It was all about the fortifications back then. This lovely walkway in Fort Grimaud has existed for centuries. It’s part of the walled village of Fort Grimaud about half an hour outside St. Tropez.
No major earthshaking moments today but still lovely and intriguing, reinforcing the reality that being safe, enclosed and protected – keeping marauders or warriors or other bad guys at bay – that was the bottom line.
As we made our way back to the ship, the Romany (gypsies to many) were out in force – this is just one of the parking lots we passed – jammed with their trailers, laundry trailers, cooking trailers and more.

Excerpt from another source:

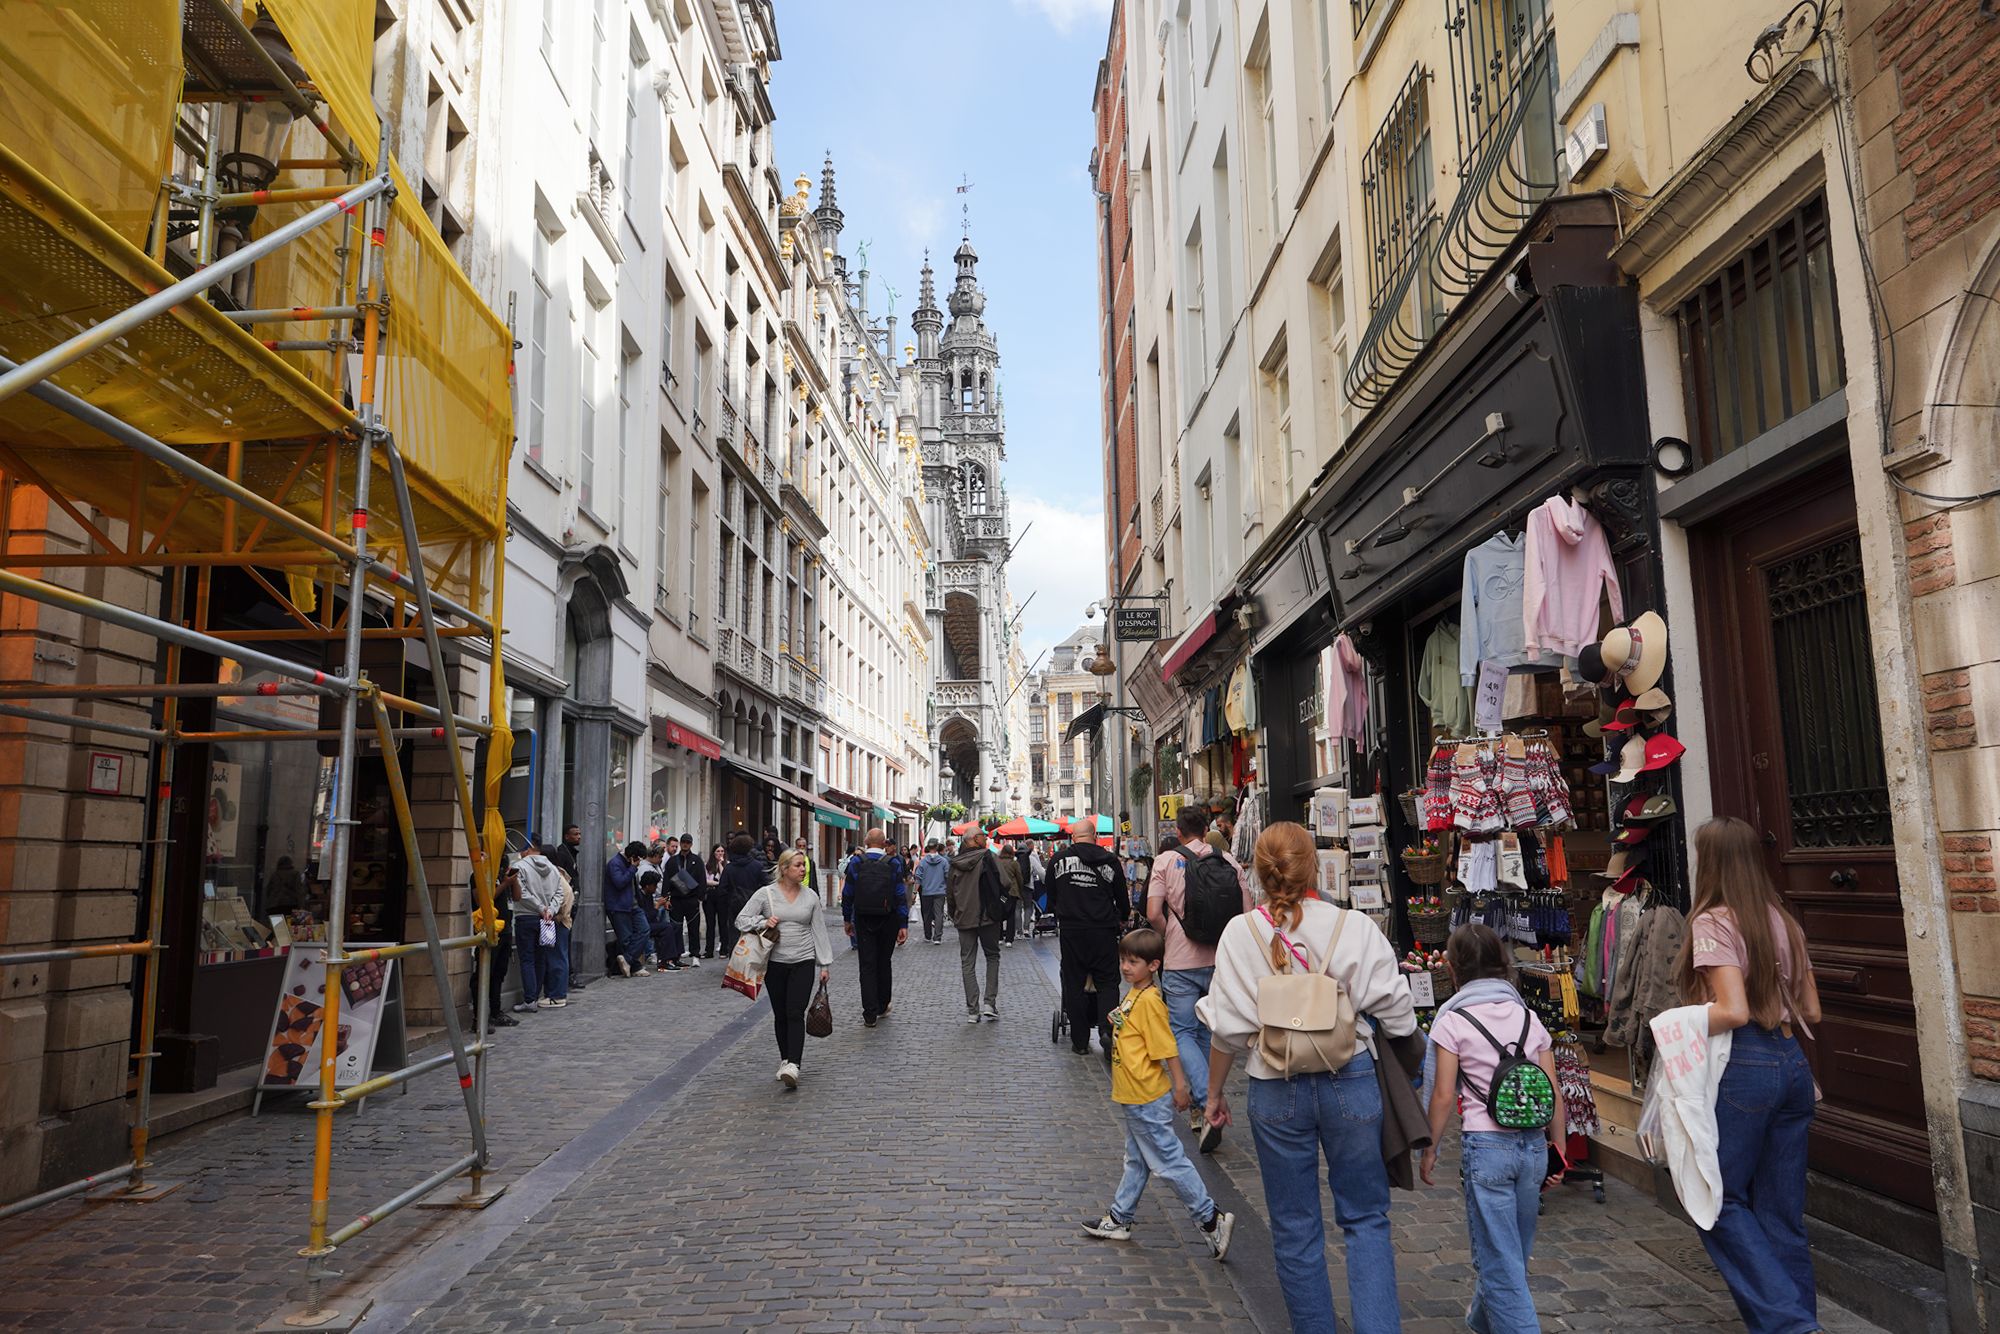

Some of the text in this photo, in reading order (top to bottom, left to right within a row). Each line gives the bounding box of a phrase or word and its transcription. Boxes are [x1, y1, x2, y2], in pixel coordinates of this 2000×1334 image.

Our guide kept telling us how everyone had to “watch their wallets.” These folks have a pretty bad reputation across Europe as pickpockets and other mischief makers.
Fort Grimaud also recalled this: s in the rest of Europe, the World Wars are central to the soul of so many still – all these years later. These two – a monument to those in this small town who died in World War I and a 1940 declaration of peril from French General Charles de Gaulle in 1940 ,the year war once again descended on his country. London to Lithuania to France – these wars haunt memory and remind residents of fear, and death, and loss.
Then there are these — we were the first customers for Lorenzo and Gerard in their new shop – gorgeous earrings for me! AND then lunch with some new friends and the best salad (with extra summer tomatoes) ever…..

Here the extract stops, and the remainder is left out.